NIST launches a new platform to assess generative AI

The National Institute of Standards and Technology (NIST), the U.S. Commerce Department agency that develops and tests tech for the U.S. government, corporations and the broader public, on Monday announced the launch of NIST GenAI, a new program spearheaded by NIST to assess generative AI technologies, including text- and image-generating AI.

A platform designed to evaluate various forms of generative AI tech, NIST GenAI will release benchmarks, help create “content authenticity” detection (i.e. deepfake-checking) systems and encourage the development of software to spot the source of fake or misleading information, explains NIST on its newly-launched NIST GenAI site and in a press release.

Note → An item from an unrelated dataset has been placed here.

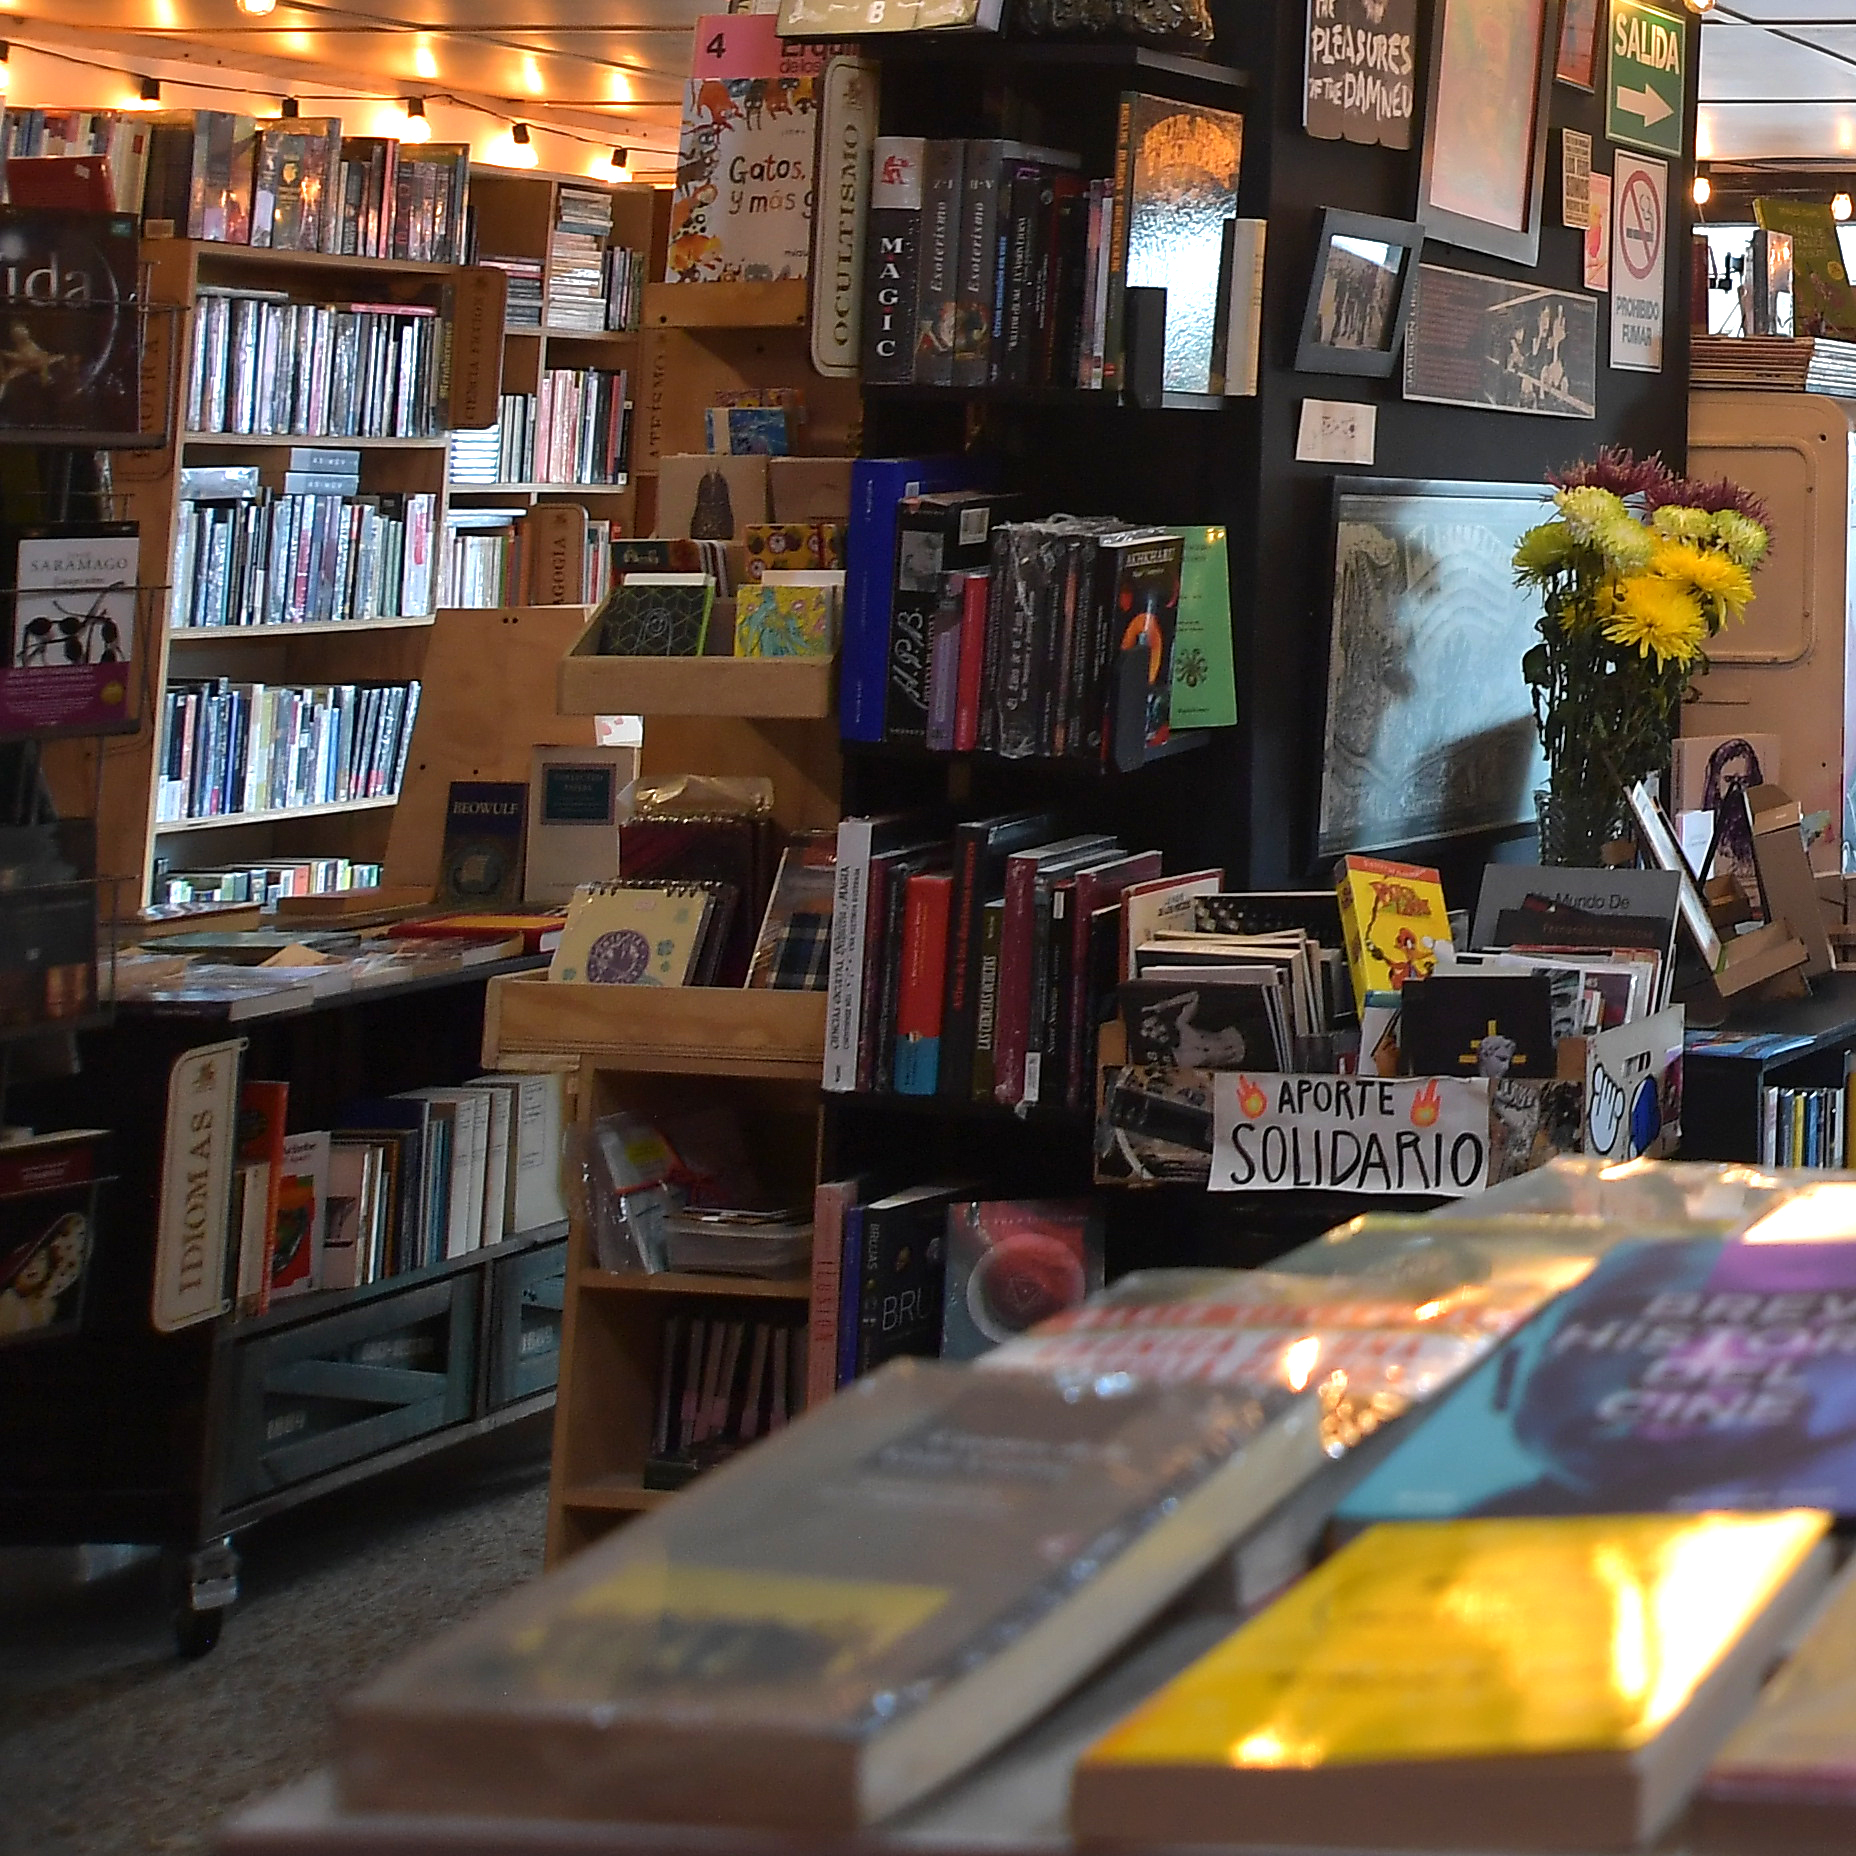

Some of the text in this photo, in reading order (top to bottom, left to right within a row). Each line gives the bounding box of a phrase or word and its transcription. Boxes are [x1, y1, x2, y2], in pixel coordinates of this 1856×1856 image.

“The NIST GenAI program will issue a series of challenge problems designed to evaluate and measure the capabilities and limitations of generative AI technologies,” the press release reads. “These evaluations will be used to identify strategies to promote information integrity and guide the safe and responsible use of digital content.”

NIST GenAI’s first project is a pilot study to build systems that can reliably tell the difference between human-created and AI-generated media, starting with text. (While many services purport to detect deepfakes, studies — and our own testing — have shown them to be unreliable, particularly when it comes to text.) NIST GenAI is inviting teams from academia, industry and research labs to submit either “generators” — AI systems to generate content — or “discriminators” — systems that try to identify AI-generated content.

Generators in the study must generate summaries provided a topic and a set of documents, while discriminators must detect if a given summary is AI-written or not. To ensure fairness, NIST GenAI will provide the data necessary to train generators and discriminators; systems trained on publicly available data won’t be accepted, including but not limited to open models like Meta’s Llama 3.

Registration for the pilot will begin May 1, with the results scheduled to be published in February 2025.

NIST GenAI’s launch — and deepfake-focused study — comes as deepfakes grow exponentially.

According to data from Clarity, a deepfake detection firm, 900% more deepfakes have been created this year compared to the same time frame last year. It’s causing alarm, understandably. A recent poll from YouGov found that 85% of Americans said they were concerned about the spread of misleading deepfakes online.

The launch of NIST GenAI is a part of NIST’s response to President Joe Biden’s executive order on AI, which laid out rules requiring greater transparency from AI companies about how their models work and established a raft of new standards, including for labeling content generated by AI.

It’s also the first AI-related announcement from NIST after the appointment of Paul Christiano, a former OpenAI researcher, to the agency’s AI Safety Institute.

Christiano was a controversial choice for his “doomerist” views; he once predicted that “there’s a 50% chance AI development could end in [humanity’s destruction]” Critics — including scientists within NIST, reportedly — fear Cristiano may encourage the AI Safety Institute to focus to “fantasy scenarios” rather than realistic, more immediate risks from AI.

NIST says that NIST GenAI will inform the AI Safety Institute’s work.